Adolescente atlético subitamente propenso a quedas e fraturas

Dra. Inas H. Thomas

Notificação

4 de julho de 2022

Nota da editora: A série Casos Clínicos aborda doenças difíceis de diagnosticar, algumas das quais não são vistas com frequência pela maioria dos médicos, mas é importante poder reconhecer com precisão. Teste a sua capacidade diagnóstica e terapêutica com o caso desta paciente e as perguntas correspondentes.

Contexto

Um menino atlético de 14 anos com diabetes tipo 1 e tireoidite de Hashimoto teve quatro fraturas nos últimos dois anos. Ele fraturou o esterno jogando basquete (Figura 1) e sofreu duas quedas em outras situações que resultaram na fratura do polegar (Figura 2) e do rádio (Figura 3). O rapaz também teve uma lesão no escafoide (Figura 4).

Todas as lesões foram traumáticas; no entanto, a mãe do paciente ressaltou que ele se machuca mais do que seus colegas, que têm níveis de atividade semelhantes. Ela também perguntou sobre um laudo radiológico externo que dizia "observa-se osteopenia". O menino não tem história de lesões ou fraturas, e não faz hematomas facilmente.
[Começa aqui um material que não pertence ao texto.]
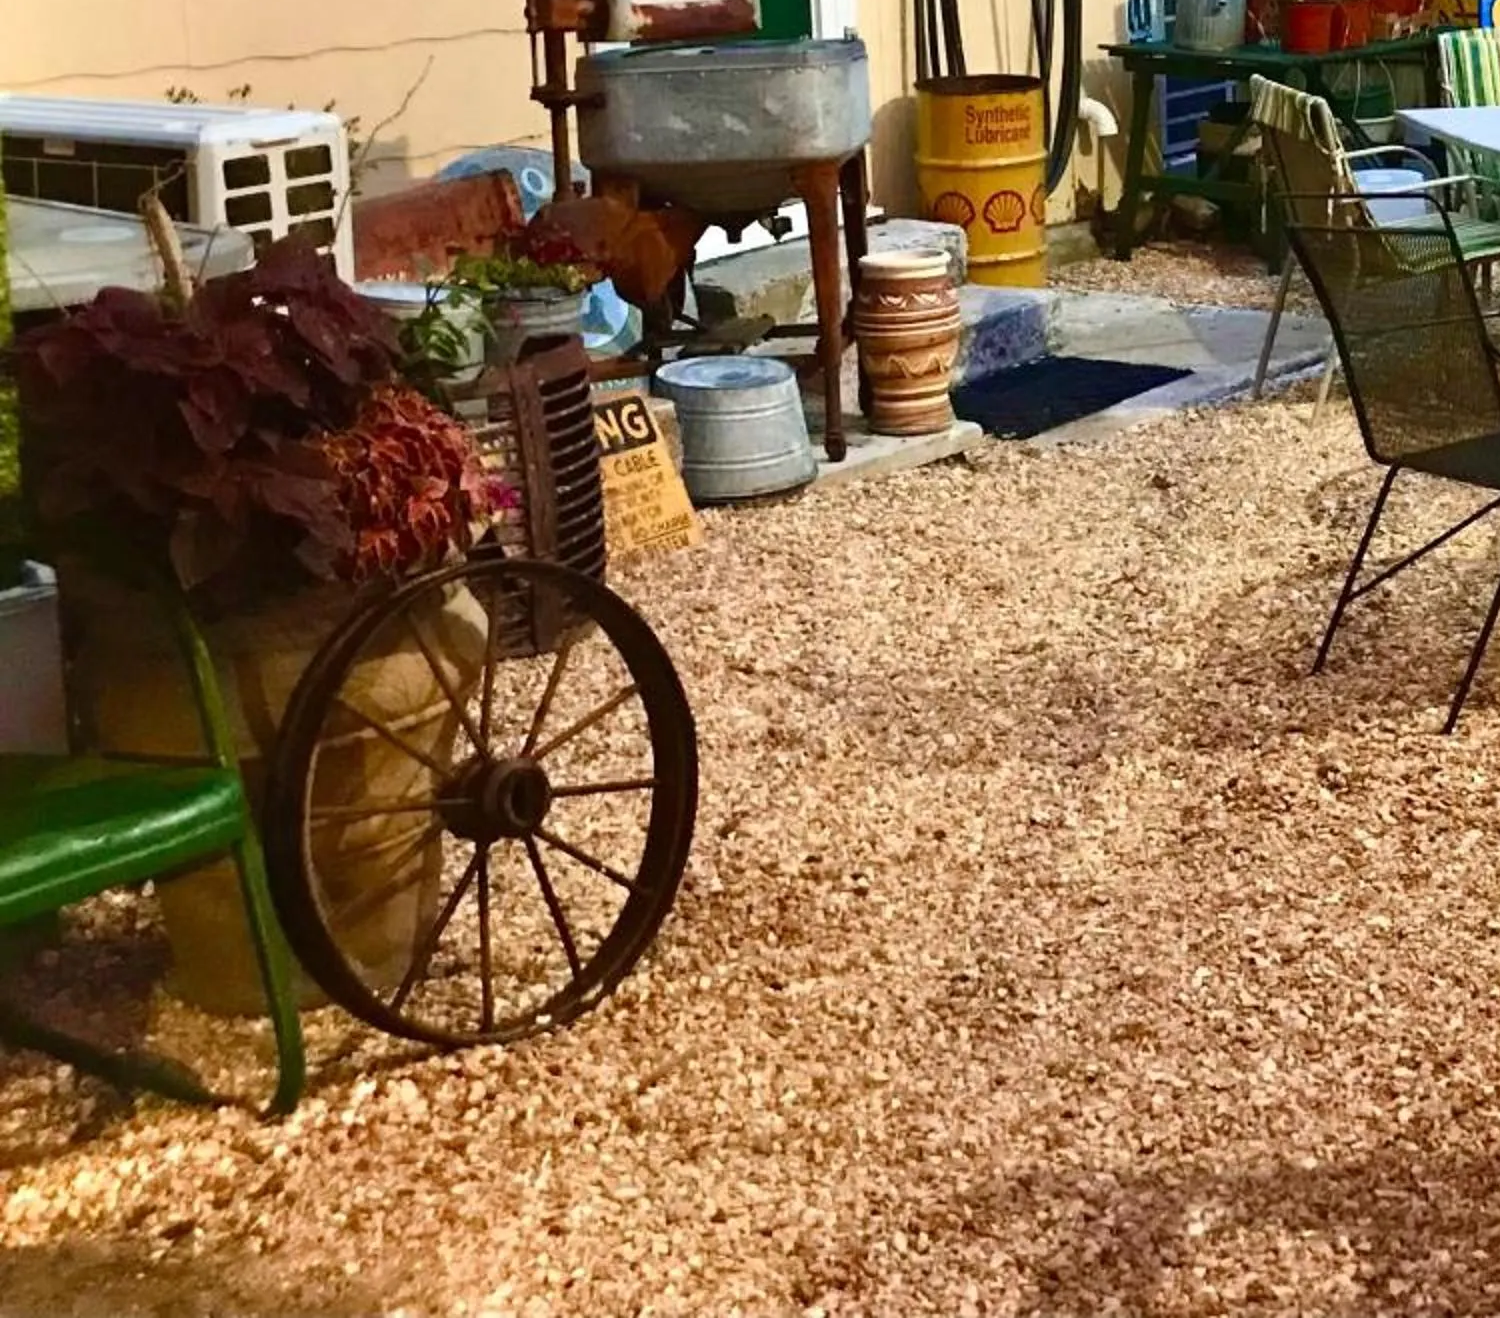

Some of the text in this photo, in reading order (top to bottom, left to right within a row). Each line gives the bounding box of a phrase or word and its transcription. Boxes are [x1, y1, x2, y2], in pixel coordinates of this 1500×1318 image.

O diabetes tipo 1, diagnosticado aos 10 anos, é mal controlado, com hemoglobina glicada (HbA1c) na faixa de 9% a 10%. O paciente tem anticorpos positivos antiperoxidase tireoidiana, mas ainda não evoluiu com hipotireoidismo adquirido. Está em uso de insulina (via bomba de insulina), 750 mg/dia de antiácidos e 1.000 UI/dia de vitamina D, iniciada há três anos porque apresentou nível de vitamina D de 23 ng/mL. Faz exame oftalmológico anualmente como parte dos exames por conta do diabetes, sem nada digno de nota.

A história familiar revela mãe com tireoidite de Hashimoto e uma avó com osteoporose diagnosticada aos 60 anos de idade. Não tem história familiar de doenças genéticas ou outras doenças autoimunitárias.

A revisão dos sistemas não revela alterações auditivas, diarreia ou retardo do desenvolvimento. Nega aumento da flexibilidade articular ou pele frouxa.

Exame físico e propedêutica

O paciente pesa 49,7 kg, o que o coloca no 34º percentil da tabela de peso por idade dos Centers for Disease Control and Prevention (CDC) dos Estados Unidos; mede 1,62 m, o que o coloca no 26º percentil da tabela dos CDC; apresenta índice de massa corporal = 18,98 kg/m2, o que o coloca no 42º percentil da tabela dos CDC.

O menino é magro, de altura mediana e o exame não apresenta nada digno de nota. Escleras brancas. Dentição normal e sem cáries. Está no estágio da puberdade 3 de Tanner. Não tem escoliose. Seus membros são magros, mas com tônus muscular apropriado. Ele não está recurvado e não tem nenhuma marca de nascença.

Os resultados dos exames laboratoriais revelaram:

  • Paratormônio: 65 pg/mL (referência: 10 a 65 pg/mL)

  • Cálcio: 7 mg/dL (referência: 8,6 a 10,3 mg/dL)

  • Fósforo: 3 mg/dL (referência: 2,7 a 4,6 mg/dL)

  • Fosfatase alcalina: 370 UI/L (referência: 90 a 420 UI/L)

  • Hormônio estimulante da tireoide: 2,43 mUI/L (referência: 0,3 a 5,5 mUI/L)

  • 25-hidroxi vitamina D: 20 ng/mL (referência: 25 a 100 ng/mL)

A densitometria óssea revela pontuação Z do colo do fêmur esquerdo de - 0,8; do quadril esquerdo de - 1,0 e da coluna lombar de - 1,8.